Ce soir, j’ai choisi de partager avec vous cet œuvre sombre et inquiétante qui signe sans doute l’un des plus beau trait de désespoir de ce maître qu’était Edgar Poe. Bien sûr, vous connaissez sans doute les nouvelles subtiles et hallucinées de ce dernier dont l’extrême précision et la concentration n’est pas sans rappeler la forme d’un poème, mais c’est bien au poète que nous nous intéresserons aujourd’hui. Rassurez-vous, le poème est en français car la traduction de Mallarmé rend indubitablement à merveille le style solennel et puissant de la version originale mais nous aurons le loisir d’y revenir après une courte biographie et bien sûr l’œuvre qui nous intéressera.

Courte biographie

Qu’on me pardonne cette courte biographie d’autant que l’article de la source universelle de connaissance (http://fr.wikipedia.org/wiki/Edgar_Allan_Poe ) est fort détaillé, mais j’estime que trois paragraphes sont tout de même nécessaires (et suffisant) pour mieux comprendre la lecture de ce poème.

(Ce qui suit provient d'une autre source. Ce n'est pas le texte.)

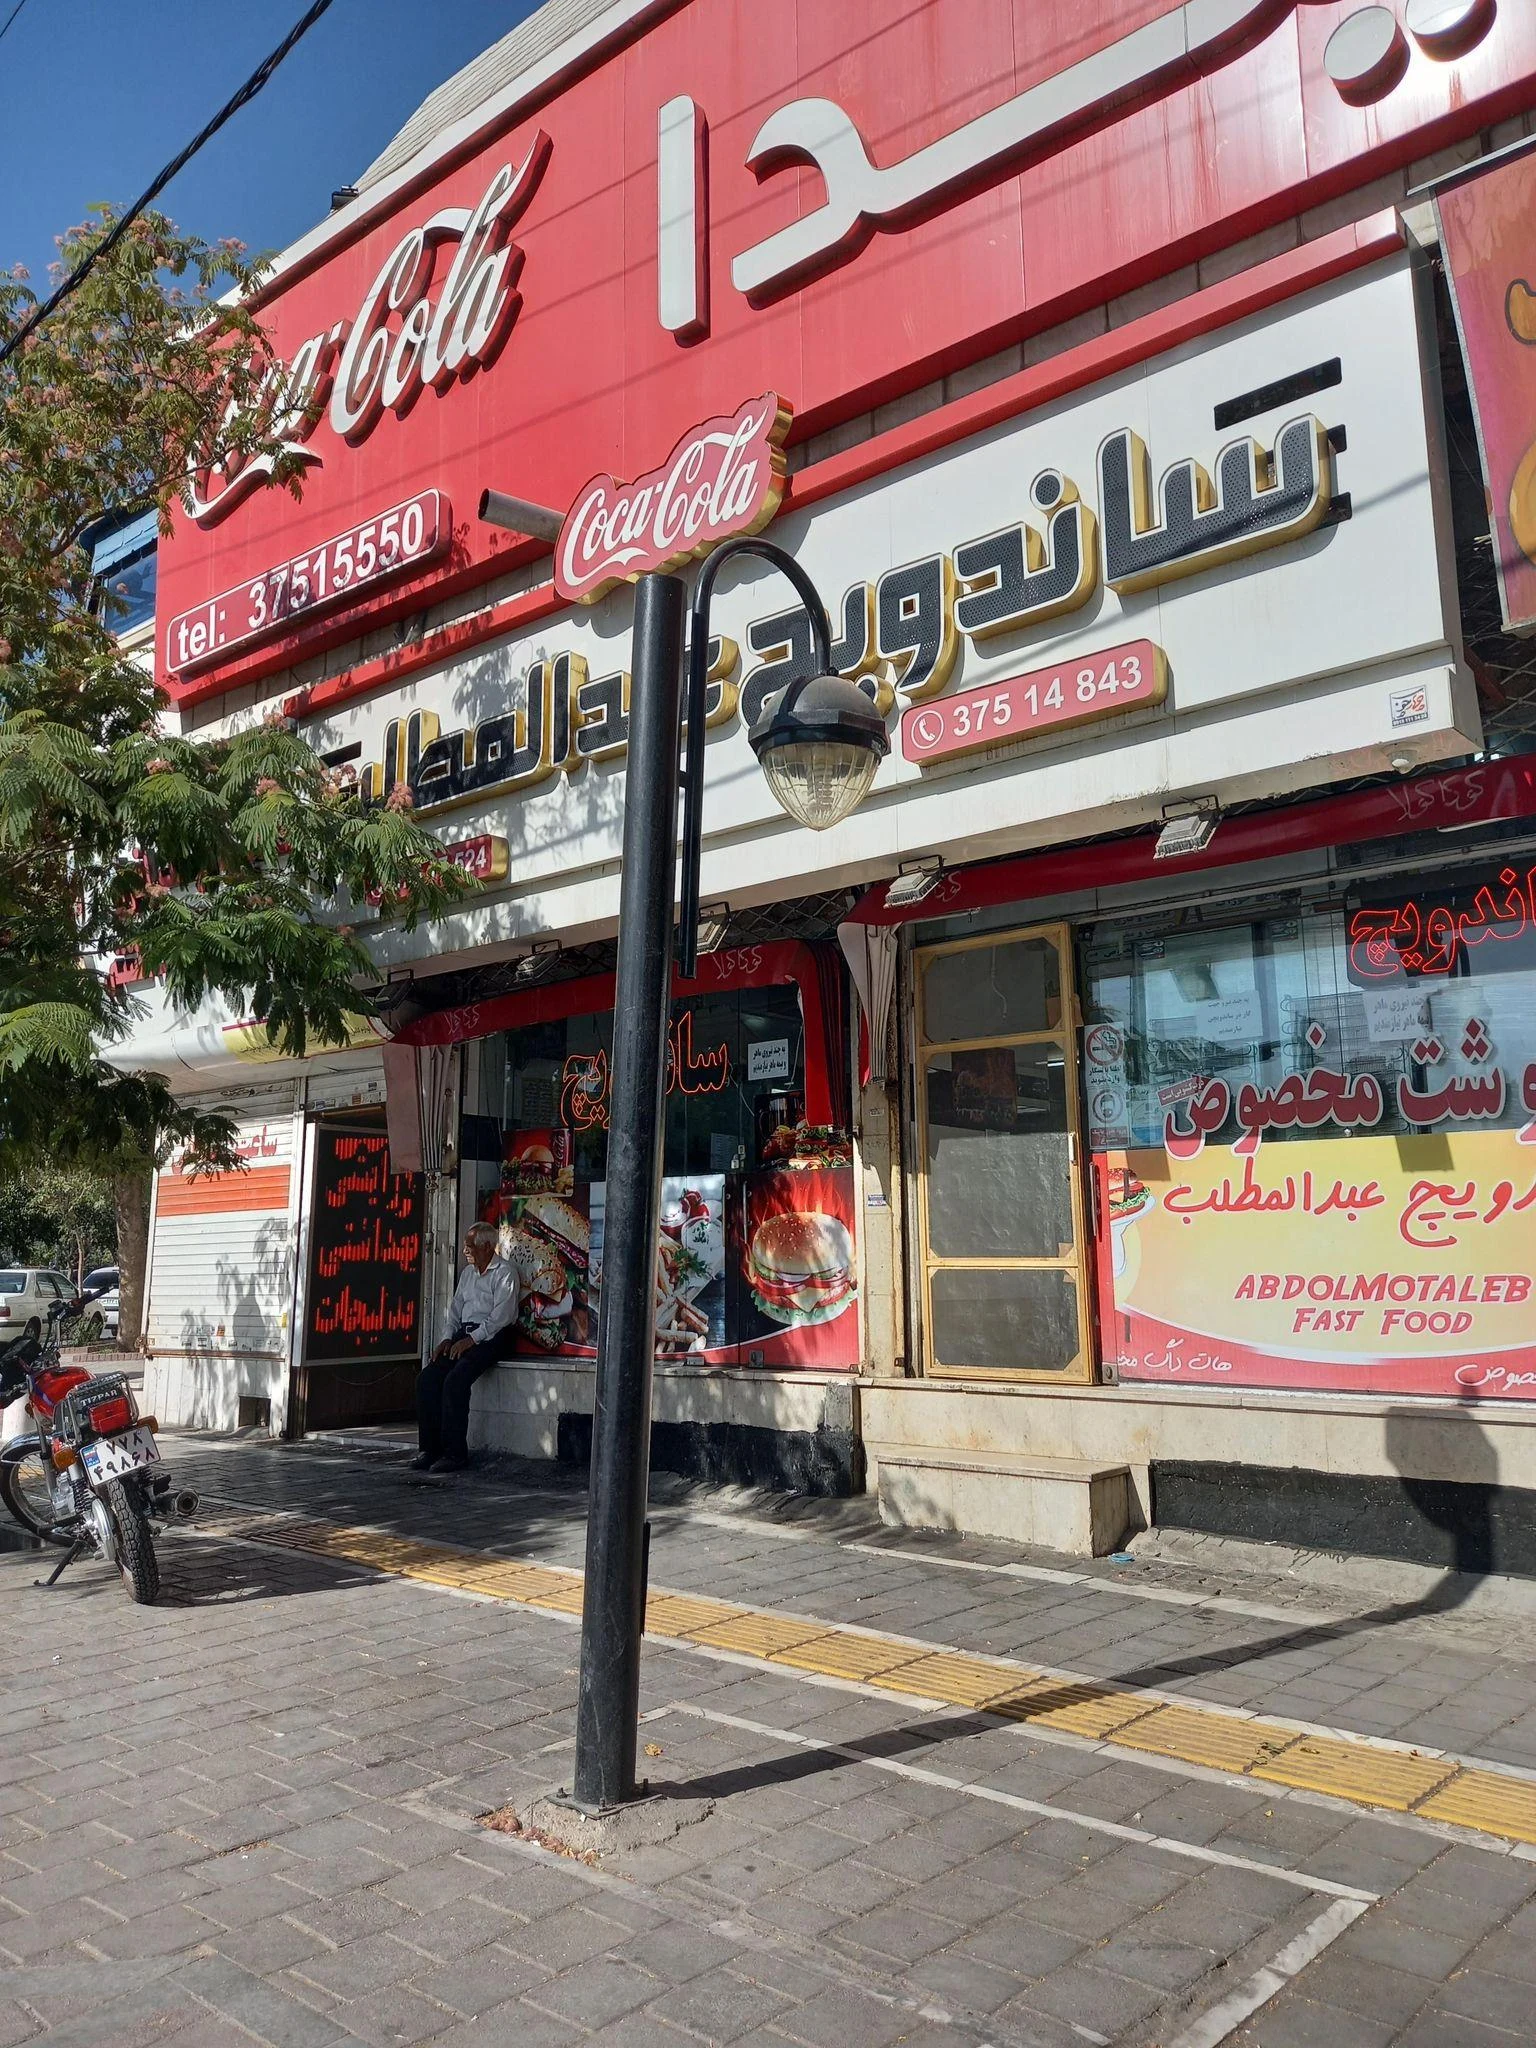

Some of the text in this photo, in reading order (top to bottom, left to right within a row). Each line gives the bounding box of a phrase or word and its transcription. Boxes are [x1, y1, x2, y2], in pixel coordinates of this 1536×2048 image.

Edgar Poe est né le 19 janvier de l’année 1809 dans la sombre ville de Boston, sa mère était une actrice célèbre tandis que son père était alcoolique et tuberculeux. (Vous commencez à comprendre la noirceur des œuvres de Poe ? Non ? Alors poursuivons…) Son père ne tarde pas à s’enfuir laissant seul la mère de Poe avec ses deux fils et sa fille, malade elle tente d’élever sa petite famille mais ne tarde pas à être fauchée par la tuberculose, Edgar a alors 3 ans. Si l’ainé part vivre chez son grand-père, Edgar et sa sœur Rosalie sont pris en charge par la charité de la ville de Richmond où ils seront rapidement adoptés. En particulier, Edgar est recueilli par les Allan dont il conservera dorénavant le nom : Edgar Allan Poe.

Il recevra de cette famille d’adoption une grande tendresse et une éducation soutenue. Malheureusement si sa « mère » l’incite à l’écriture, son père n’approuve pas cette décision si bien qu’il finira par fuguer et rejoindre Boston pour tenter de vivre de sa plume. La mort de sa « mère » réconciliera un temps les deux hommes avant que les dettes ne viennent à nouveau briser cette fragile entente.

De là, Poe connaitra une vie difficile, trimballé entre les rêves de grandeur que sa plume formidable lui permet d’espérer et une réalité qui ne cesse de lui jouer des tours pendables. Il sombrera peu à peu dans l’alcoolisme tandis que ses rares amours lui seront ravies par la maladie. Cette vie dissolue se terminera le 7 octobre 1849, officiellement d’une congestion cérébrale mais les discussions agitent encore les historiens pour déterminer s’il s’agissait d’un règlement de compte politique, d’une bagarre de taverne ou tout simplement d’une ultime victoire de l’alcool.

Ulalume

Suite à cette petite précision d’ordre biographique, le collectif des dépressifs de France vous conseil de baissez la lumière pour prononcez d’une voix sombre et grave ce poème solenel et puissant ! (pour la version originale : http://www.online-literature.com/poe/579/)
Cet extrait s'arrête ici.